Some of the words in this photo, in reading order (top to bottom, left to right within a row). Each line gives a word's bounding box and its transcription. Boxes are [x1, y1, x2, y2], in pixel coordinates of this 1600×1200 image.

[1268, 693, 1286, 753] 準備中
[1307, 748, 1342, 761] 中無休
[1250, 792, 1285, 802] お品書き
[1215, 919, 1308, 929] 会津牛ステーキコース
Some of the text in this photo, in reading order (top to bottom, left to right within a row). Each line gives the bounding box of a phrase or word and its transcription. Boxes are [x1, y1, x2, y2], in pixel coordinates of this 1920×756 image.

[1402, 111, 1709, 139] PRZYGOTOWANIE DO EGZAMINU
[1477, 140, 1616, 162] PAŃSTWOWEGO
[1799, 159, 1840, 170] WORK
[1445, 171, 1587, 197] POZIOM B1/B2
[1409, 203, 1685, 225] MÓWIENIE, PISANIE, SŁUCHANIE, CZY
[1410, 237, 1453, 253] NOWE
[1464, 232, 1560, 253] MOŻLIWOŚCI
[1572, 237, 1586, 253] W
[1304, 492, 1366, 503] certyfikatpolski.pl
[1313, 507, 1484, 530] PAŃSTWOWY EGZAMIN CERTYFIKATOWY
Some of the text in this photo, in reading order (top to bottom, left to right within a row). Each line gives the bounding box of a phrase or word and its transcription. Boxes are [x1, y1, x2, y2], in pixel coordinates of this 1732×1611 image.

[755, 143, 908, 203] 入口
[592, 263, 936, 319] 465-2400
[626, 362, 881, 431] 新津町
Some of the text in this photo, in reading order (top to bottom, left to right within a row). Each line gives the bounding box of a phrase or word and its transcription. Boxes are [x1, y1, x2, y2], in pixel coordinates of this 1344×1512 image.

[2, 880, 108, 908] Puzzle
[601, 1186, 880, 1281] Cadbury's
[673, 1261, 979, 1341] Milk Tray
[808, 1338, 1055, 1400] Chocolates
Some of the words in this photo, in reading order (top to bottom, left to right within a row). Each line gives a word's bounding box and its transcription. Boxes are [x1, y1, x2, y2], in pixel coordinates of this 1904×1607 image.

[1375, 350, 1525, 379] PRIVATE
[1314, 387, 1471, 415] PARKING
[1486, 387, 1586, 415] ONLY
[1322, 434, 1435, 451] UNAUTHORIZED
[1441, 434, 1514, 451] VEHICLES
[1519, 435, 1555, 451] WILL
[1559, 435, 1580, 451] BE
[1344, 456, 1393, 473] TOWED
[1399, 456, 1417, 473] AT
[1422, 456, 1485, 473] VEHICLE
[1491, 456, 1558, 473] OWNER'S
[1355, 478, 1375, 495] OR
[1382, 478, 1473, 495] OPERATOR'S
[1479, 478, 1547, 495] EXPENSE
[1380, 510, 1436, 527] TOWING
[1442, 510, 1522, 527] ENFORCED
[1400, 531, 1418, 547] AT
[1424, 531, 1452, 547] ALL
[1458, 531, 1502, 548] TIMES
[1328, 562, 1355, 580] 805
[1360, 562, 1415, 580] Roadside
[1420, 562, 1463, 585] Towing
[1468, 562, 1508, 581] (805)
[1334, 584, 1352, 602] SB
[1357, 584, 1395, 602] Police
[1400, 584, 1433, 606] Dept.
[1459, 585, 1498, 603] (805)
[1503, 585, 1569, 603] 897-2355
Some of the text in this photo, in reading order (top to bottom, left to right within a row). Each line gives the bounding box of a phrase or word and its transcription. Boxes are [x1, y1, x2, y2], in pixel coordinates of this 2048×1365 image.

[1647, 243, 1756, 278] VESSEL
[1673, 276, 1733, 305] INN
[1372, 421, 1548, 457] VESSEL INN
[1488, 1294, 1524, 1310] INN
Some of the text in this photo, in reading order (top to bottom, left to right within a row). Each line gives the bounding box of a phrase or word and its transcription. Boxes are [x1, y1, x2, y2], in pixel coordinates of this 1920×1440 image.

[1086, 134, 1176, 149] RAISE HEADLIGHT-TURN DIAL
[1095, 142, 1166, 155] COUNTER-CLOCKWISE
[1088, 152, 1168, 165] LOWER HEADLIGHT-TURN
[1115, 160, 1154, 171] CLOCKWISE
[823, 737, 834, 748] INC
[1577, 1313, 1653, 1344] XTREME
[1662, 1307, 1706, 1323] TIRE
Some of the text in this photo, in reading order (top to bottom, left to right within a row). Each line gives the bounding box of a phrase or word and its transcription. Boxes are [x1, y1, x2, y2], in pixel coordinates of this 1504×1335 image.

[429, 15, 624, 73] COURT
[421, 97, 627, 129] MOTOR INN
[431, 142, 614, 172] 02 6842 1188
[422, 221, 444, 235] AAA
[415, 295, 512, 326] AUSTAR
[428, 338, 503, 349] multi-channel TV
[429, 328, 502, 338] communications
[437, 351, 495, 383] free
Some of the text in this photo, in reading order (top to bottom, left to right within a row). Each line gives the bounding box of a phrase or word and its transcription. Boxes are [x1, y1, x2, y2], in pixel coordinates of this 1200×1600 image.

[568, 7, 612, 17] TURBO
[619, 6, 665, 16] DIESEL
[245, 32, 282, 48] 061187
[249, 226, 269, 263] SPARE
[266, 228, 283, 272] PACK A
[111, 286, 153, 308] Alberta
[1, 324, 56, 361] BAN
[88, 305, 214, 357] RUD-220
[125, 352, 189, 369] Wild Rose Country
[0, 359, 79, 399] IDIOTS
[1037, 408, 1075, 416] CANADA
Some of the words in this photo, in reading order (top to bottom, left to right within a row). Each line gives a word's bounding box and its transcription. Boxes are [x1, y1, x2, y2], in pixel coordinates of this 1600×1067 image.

※

__WHAT YOU SHOULD DO__
Repeat the material above in full, keeping every word.

__RESULT FOR THIS EXERCISE__
Some of the words in this photo, in reading order (top to bottom, left to right within a row). Each line gives a word's bounding box and its transcription. Boxes are [x1, y1, x2, y2], in pixel coordinates of this 1600×1200 image.

[1268, 693, 1286, 753] 準備中
[1307, 748, 1342, 761] 中無休
[1250, 792, 1285, 802] お品書き
[1215, 919, 1308, 929] 会津牛ステーキコース
Some of the text in this photo, in reading order (top to bottom, left to right within a row). Each line gives the bounding box of a phrase or word and its transcription. Boxes are [x1, y1, x2, y2], in pixel coordinates of this 1920×756 image.

[1402, 111, 1709, 139] PRZYGOTOWANIE DO EGZAMINU
[1477, 140, 1616, 162] PAŃSTWOWEGO
[1799, 159, 1840, 170] WORK
[1445, 171, 1587, 197] POZIOM B1/B2
[1409, 203, 1685, 225] MÓWIENIE, PISANIE, SŁUCHANIE, CZY
[1410, 237, 1453, 253] NOWE
[1464, 232, 1560, 253] MOŻLIWOŚCI
[1572, 237, 1586, 253] W
[1304, 492, 1366, 503] certyfikatpolski.pl
[1313, 507, 1484, 530] PAŃSTWOWY EGZAMIN CERTYFIKATOWY
Some of the text in this photo, in reading order (top to bottom, left to right within a row). Each line gives the bounding box of a phrase or word and its transcription. Boxes are [x1, y1, x2, y2], in pixel coordinates of this 1732×1611 image.

[755, 143, 908, 203] 入口
[592, 263, 936, 319] 465-2400
[626, 362, 881, 431] 新津町
Some of the text in this photo, in reading order (top to bottom, left to right within a row). Each line gives the bounding box of a phrase or word and its transcription. Boxes are [x1, y1, x2, y2], in pixel coordinates of this 1344×1512 image.

[2, 880, 108, 908] Puzzle
[601, 1186, 880, 1281] Cadbury's
[673, 1261, 979, 1341] Milk Tray
[808, 1338, 1055, 1400] Chocolates
Some of the words in this photo, in reading order (top to bottom, left to right within a row). Each line gives a word's bounding box and its transcription. Boxes are [x1, y1, x2, y2], in pixel coordinates of this 1904×1607 image.

[1375, 350, 1525, 379] PRIVATE
[1314, 387, 1471, 415] PARKING
[1486, 387, 1586, 415] ONLY
[1322, 434, 1435, 451] UNAUTHORIZED
[1441, 434, 1514, 451] VEHICLES
[1519, 435, 1555, 451] WILL
[1559, 435, 1580, 451] BE
[1344, 456, 1393, 473] TOWED
[1399, 456, 1417, 473] AT
[1422, 456, 1485, 473] VEHICLE
[1491, 456, 1558, 473] OWNER'S
[1355, 478, 1375, 495] OR
[1382, 478, 1473, 495] OPERATOR'S
[1479, 478, 1547, 495] EXPENSE
[1380, 510, 1436, 527] TOWING
[1442, 510, 1522, 527] ENFORCED
[1400, 531, 1418, 547] AT
[1424, 531, 1452, 547] ALL
[1458, 531, 1502, 548] TIMES
[1328, 562, 1355, 580] 805
[1360, 562, 1415, 580] Roadside
[1420, 562, 1463, 585] Towing
[1468, 562, 1508, 581] (805)
[1334, 584, 1352, 602] SB
[1357, 584, 1395, 602] Police
[1400, 584, 1433, 606] Dept.
[1459, 585, 1498, 603] (805)
[1503, 585, 1569, 603] 897-2355
Some of the text in this photo, in reading order (top to bottom, left to right within a row). Each line gives the bounding box of a phrase or word and its transcription. Boxes are [x1, y1, x2, y2], in pixel coordinates of this 2048×1365 image.

[1647, 243, 1756, 278] VESSEL
[1673, 276, 1733, 305] INN
[1372, 421, 1548, 457] VESSEL INN
[1488, 1294, 1524, 1310] INN
Some of the text in this photo, in reading order (top to bottom, left to right within a row). Each line gives the bounding box of a phrase or word and its transcription. Boxes are [x1, y1, x2, y2], in pixel coordinates of this 1920×1440 image.

[1086, 134, 1176, 149] RAISE HEADLIGHT-TURN DIAL
[1095, 142, 1166, 155] COUNTER-CLOCKWISE
[1088, 152, 1168, 165] LOWER HEADLIGHT-TURN
[1115, 160, 1154, 171] CLOCKWISE
[823, 737, 834, 748] INC
[1577, 1313, 1653, 1344] XTREME
[1662, 1307, 1706, 1323] TIRE
Some of the text in this photo, in reading order (top to bottom, left to right within a row). Each line gives the bounding box of a phrase or word and its transcription. Boxes are [x1, y1, x2, y2], in pixel coordinates of this 1504×1335 image.

[429, 15, 624, 73] COURT
[421, 97, 627, 129] MOTOR INN
[431, 142, 614, 172] 02 6842 1188
[422, 221, 444, 235] AAA
[415, 295, 512, 326] AUSTAR
[428, 338, 503, 349] multi-channel TV
[429, 328, 502, 338] communications
[437, 351, 495, 383] free
Some of the text in this photo, in reading order (top to bottom, left to right within a row). Each line gives the bounding box of a phrase or word and its transcription. Boxes are [x1, y1, x2, y2], in pixel coordinates of this 1200×1600 image.

[568, 7, 612, 17] TURBO
[619, 6, 665, 16] DIESEL
[245, 32, 282, 48] 061187
[249, 226, 269, 263] SPARE
[266, 228, 283, 272] PACK A
[111, 286, 153, 308] Alberta
[1, 324, 56, 361] BAN
[88, 305, 214, 357] RUD-220
[125, 352, 189, 369] Wild Rose Country
[0, 359, 79, 399] IDIOTS
[1037, 408, 1075, 416] CANADA
Some of the words in this photo, in reading order (top to bottom, left to right within a row). Each line gives a word's bounding box and its transcription. Boxes are [x1, y1, x2, y2], in pixel coordinates of this 1600×1067 image.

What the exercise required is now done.